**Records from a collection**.
──────────
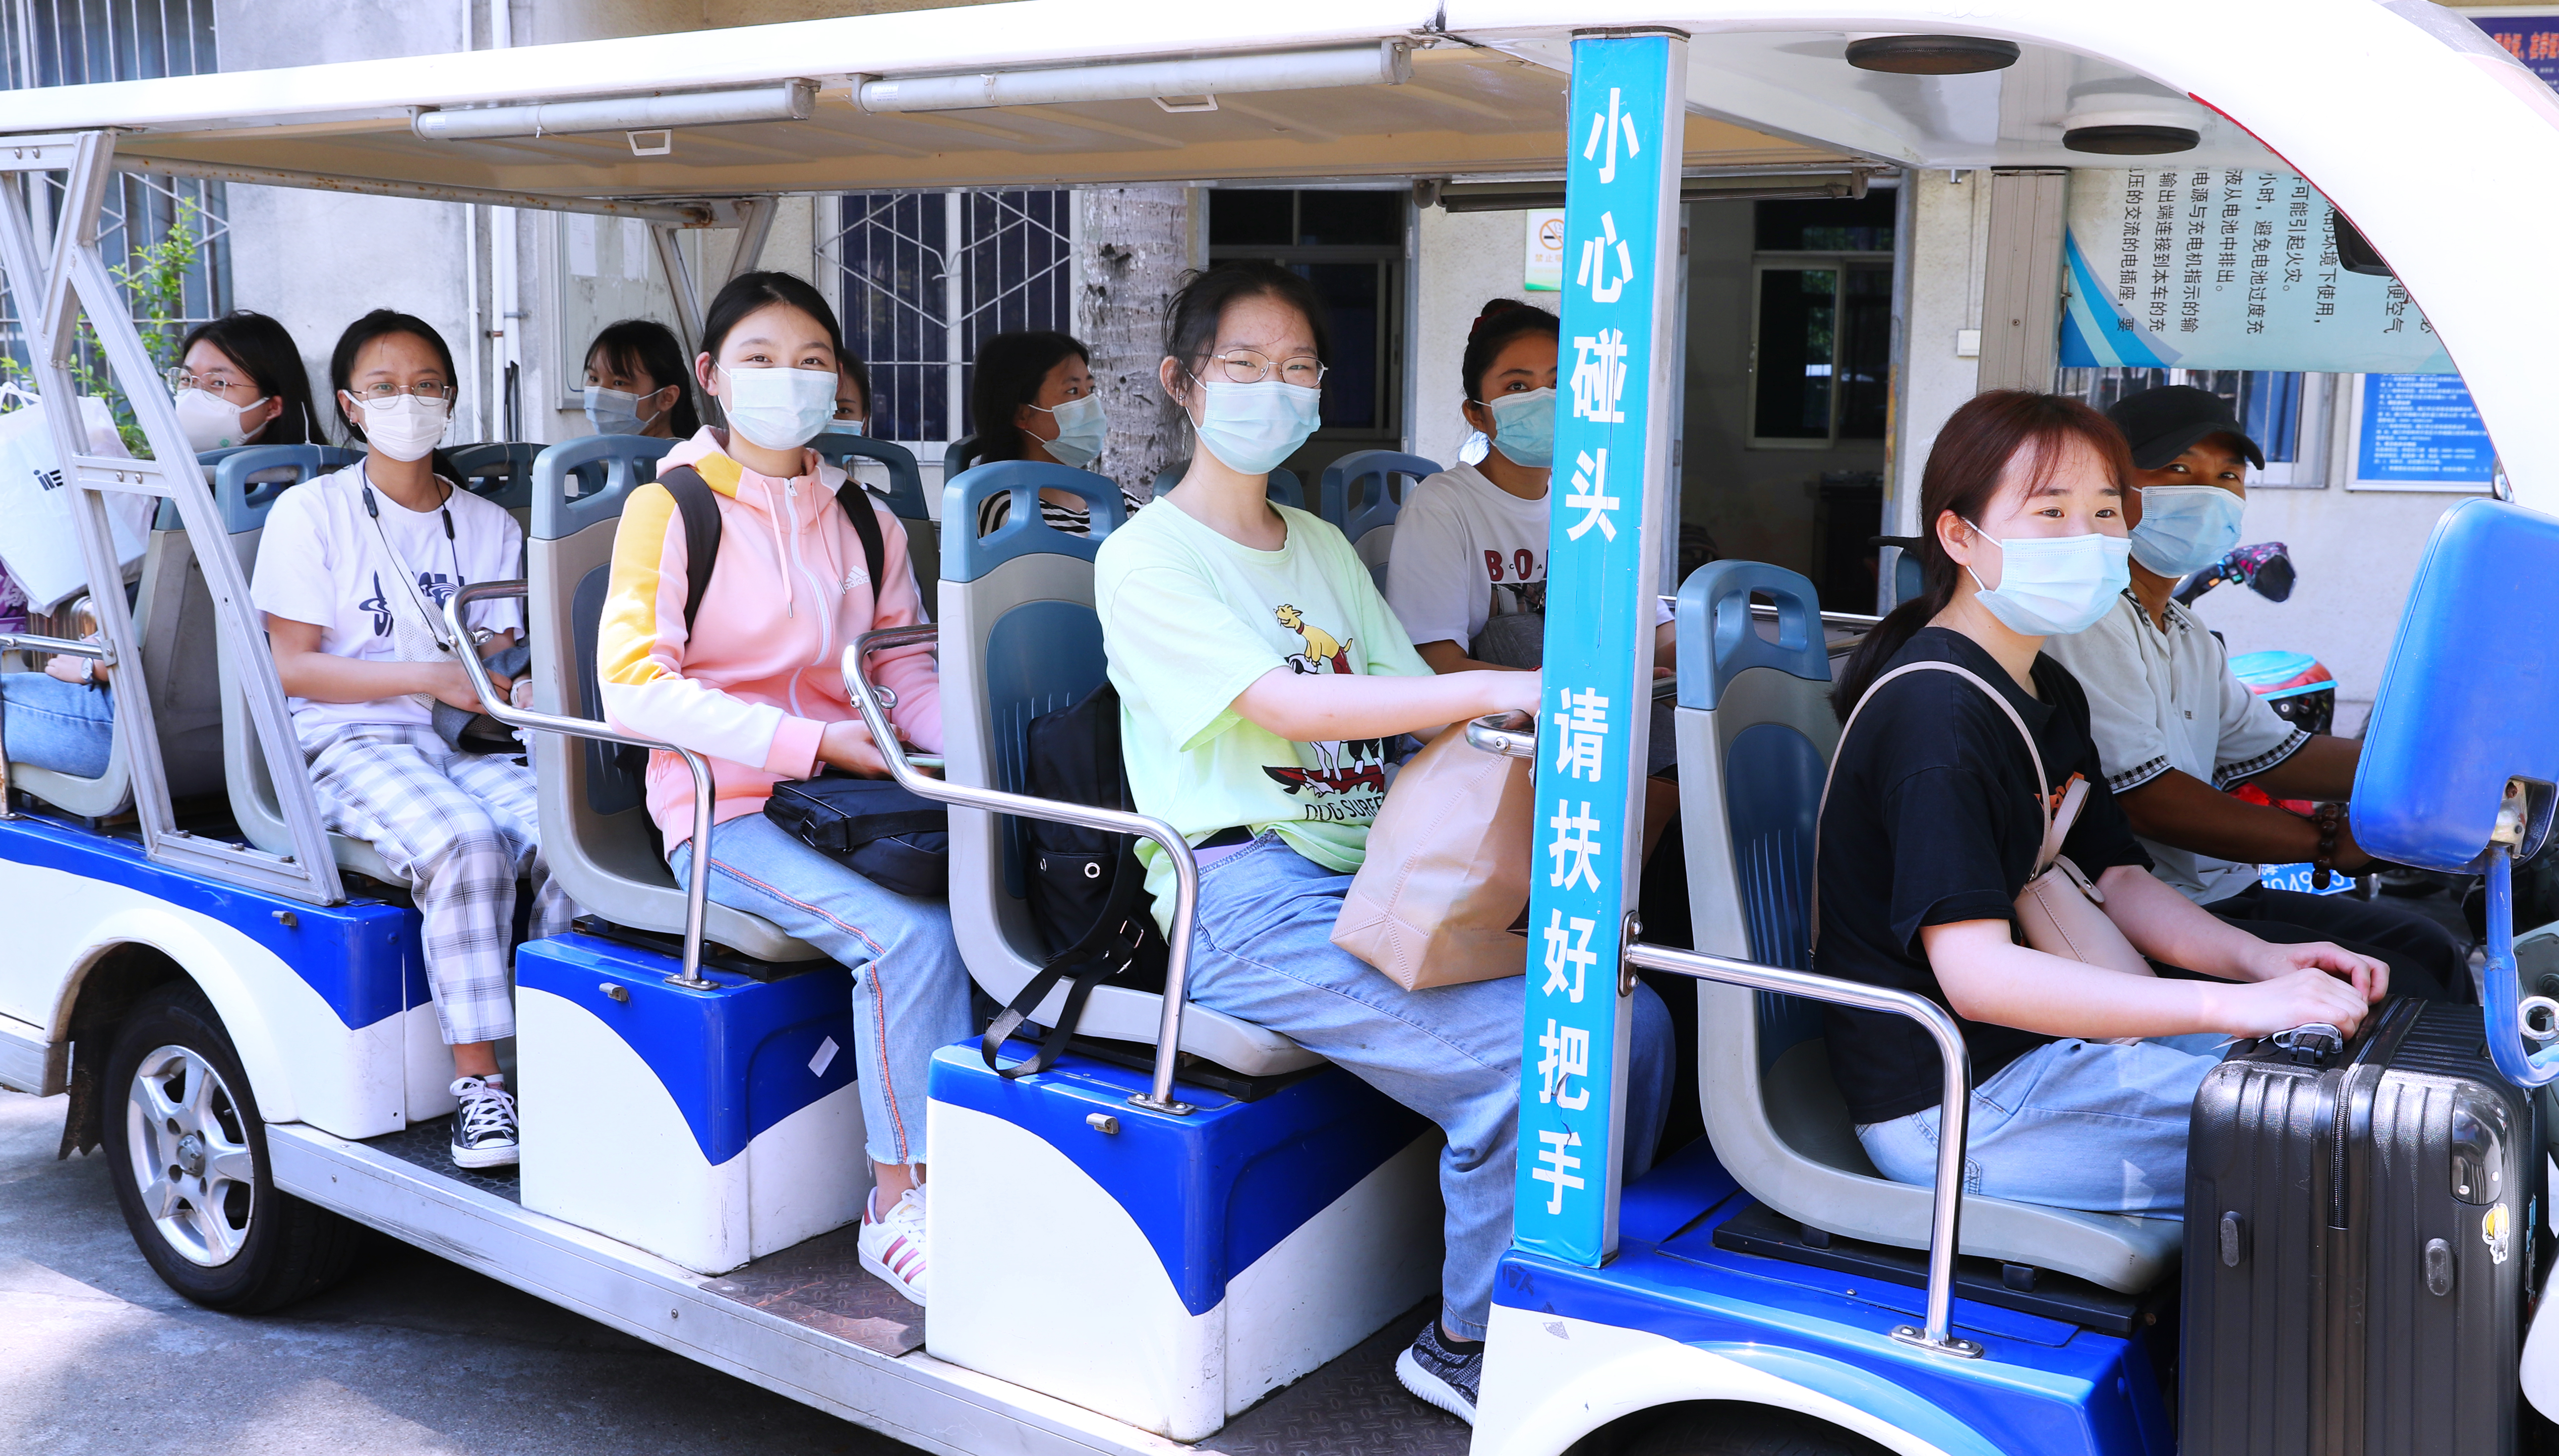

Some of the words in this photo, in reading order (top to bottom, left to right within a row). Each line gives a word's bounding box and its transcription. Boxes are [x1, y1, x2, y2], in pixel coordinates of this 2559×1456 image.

[1566, 87, 1640, 542] 小心碰头
[2116, 169, 2145, 334] 压的交流的电插座，要
[1532, 687, 1609, 1215] 请扶好把手
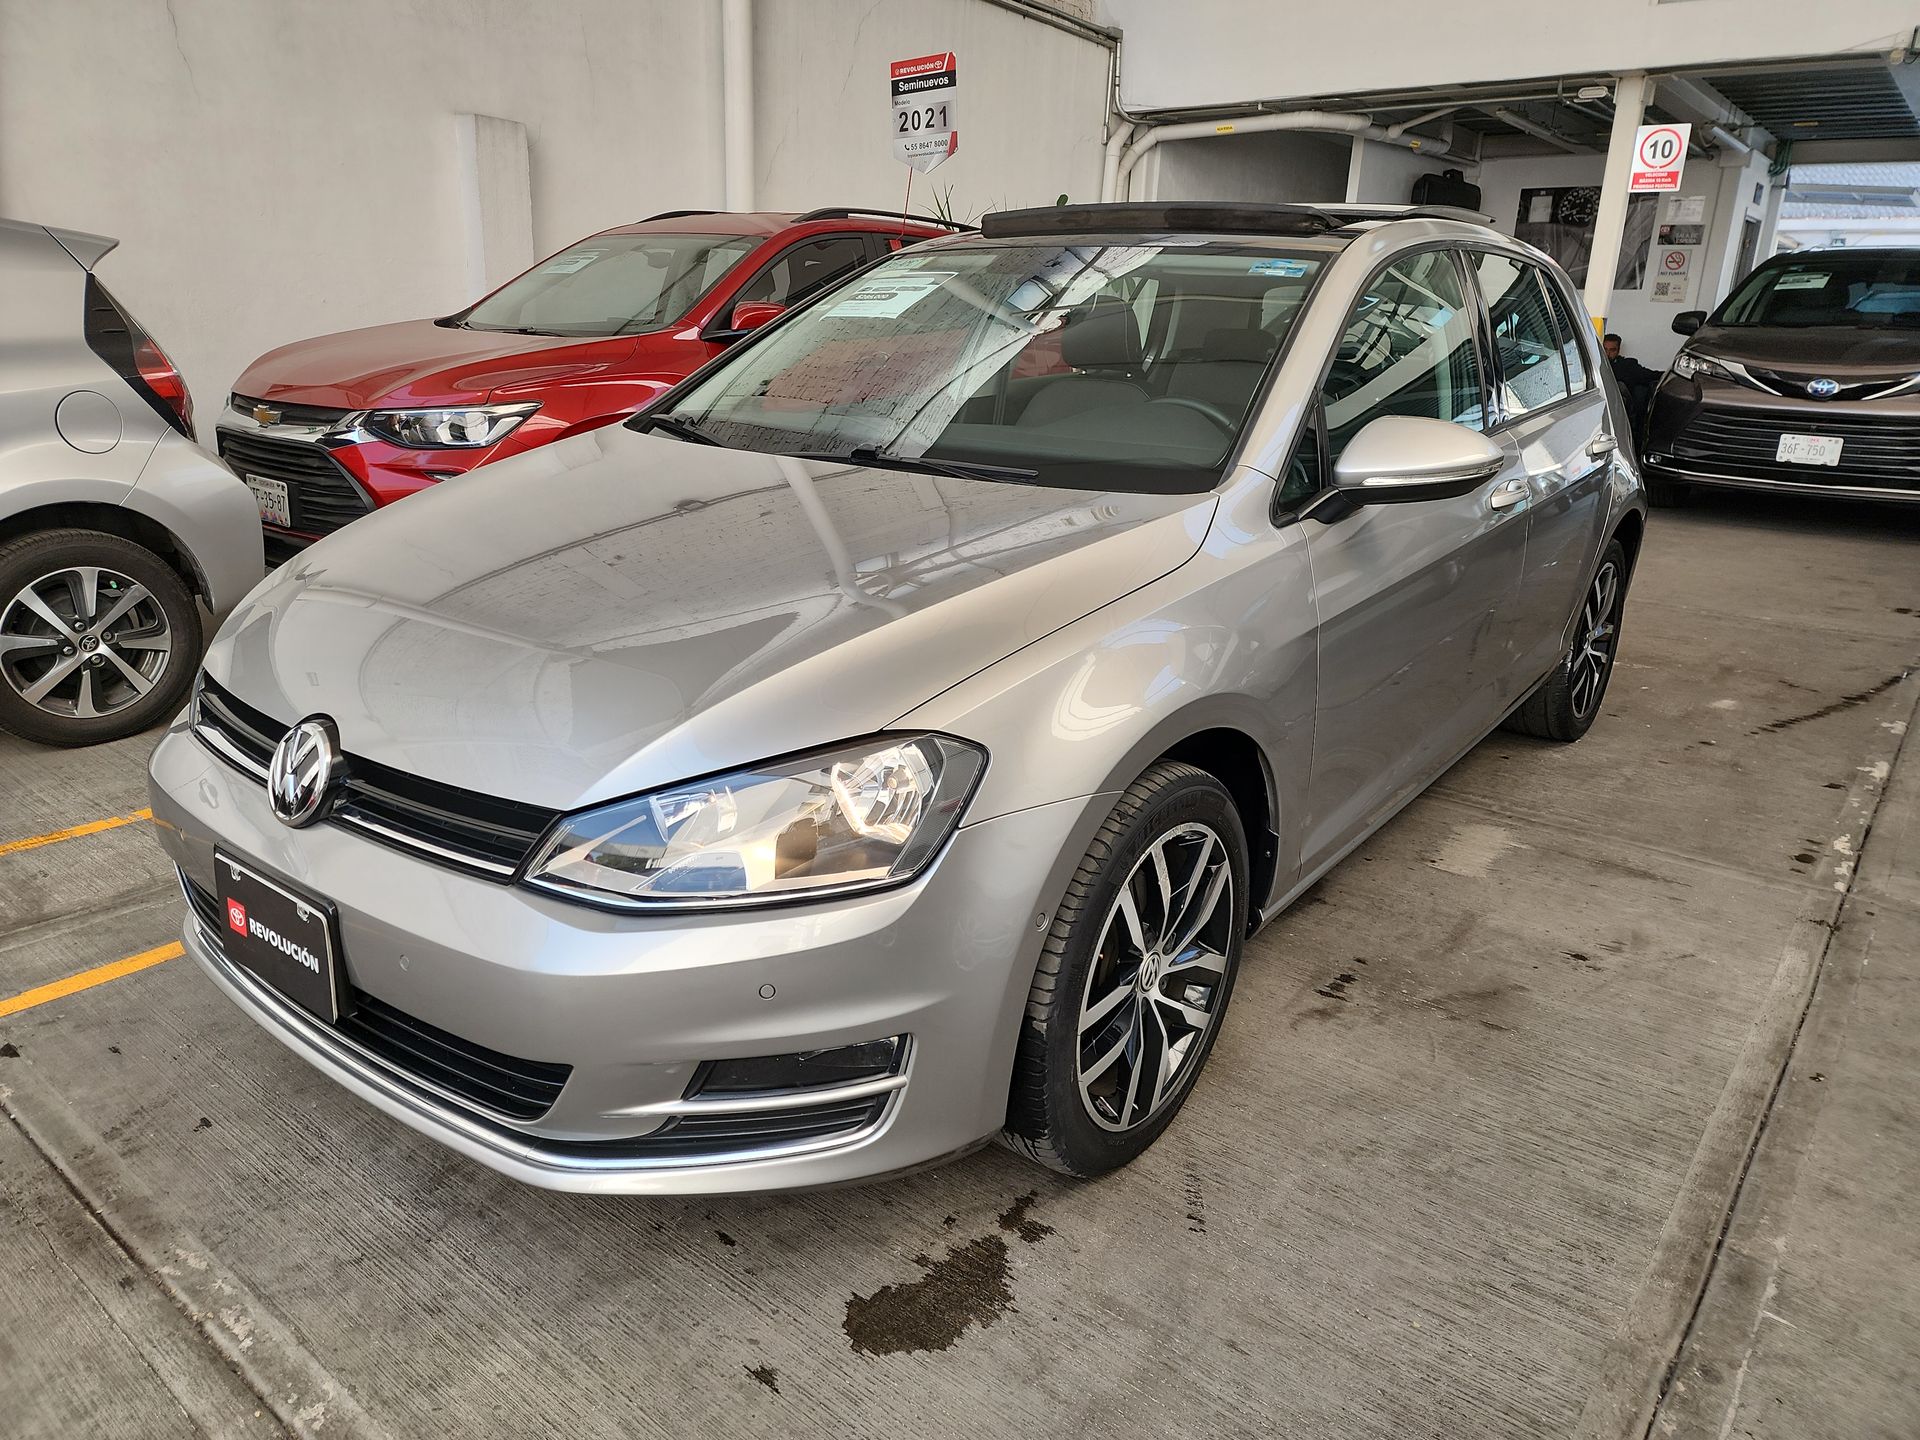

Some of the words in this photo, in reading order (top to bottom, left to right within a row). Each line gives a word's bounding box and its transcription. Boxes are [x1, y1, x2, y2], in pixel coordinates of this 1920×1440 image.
──────────
**About this exercise**. With pictures excluded, the data must be transcribed in full and to the letter.

**Written reply**.
Some of the words in this photo, in reading order (top to bottom, left to right within a row). Each line gives a word's bounding box and its transcription. Boxes are [x1, y1, x2, y2], in pixel coordinates of this 2559×1456 image.

[1566, 87, 1640, 542] 小心碰头
[2116, 169, 2145, 334] 压的交流的电插座，要
[1532, 687, 1609, 1215] 请扶好把手

Some of the words in this photo, in reading order (top to bottom, left to right within a row). Each line gives a word's bounding box and its transcription. Boxes are [x1, y1, x2, y2], in pixel coordinates of this 1920×1440 image.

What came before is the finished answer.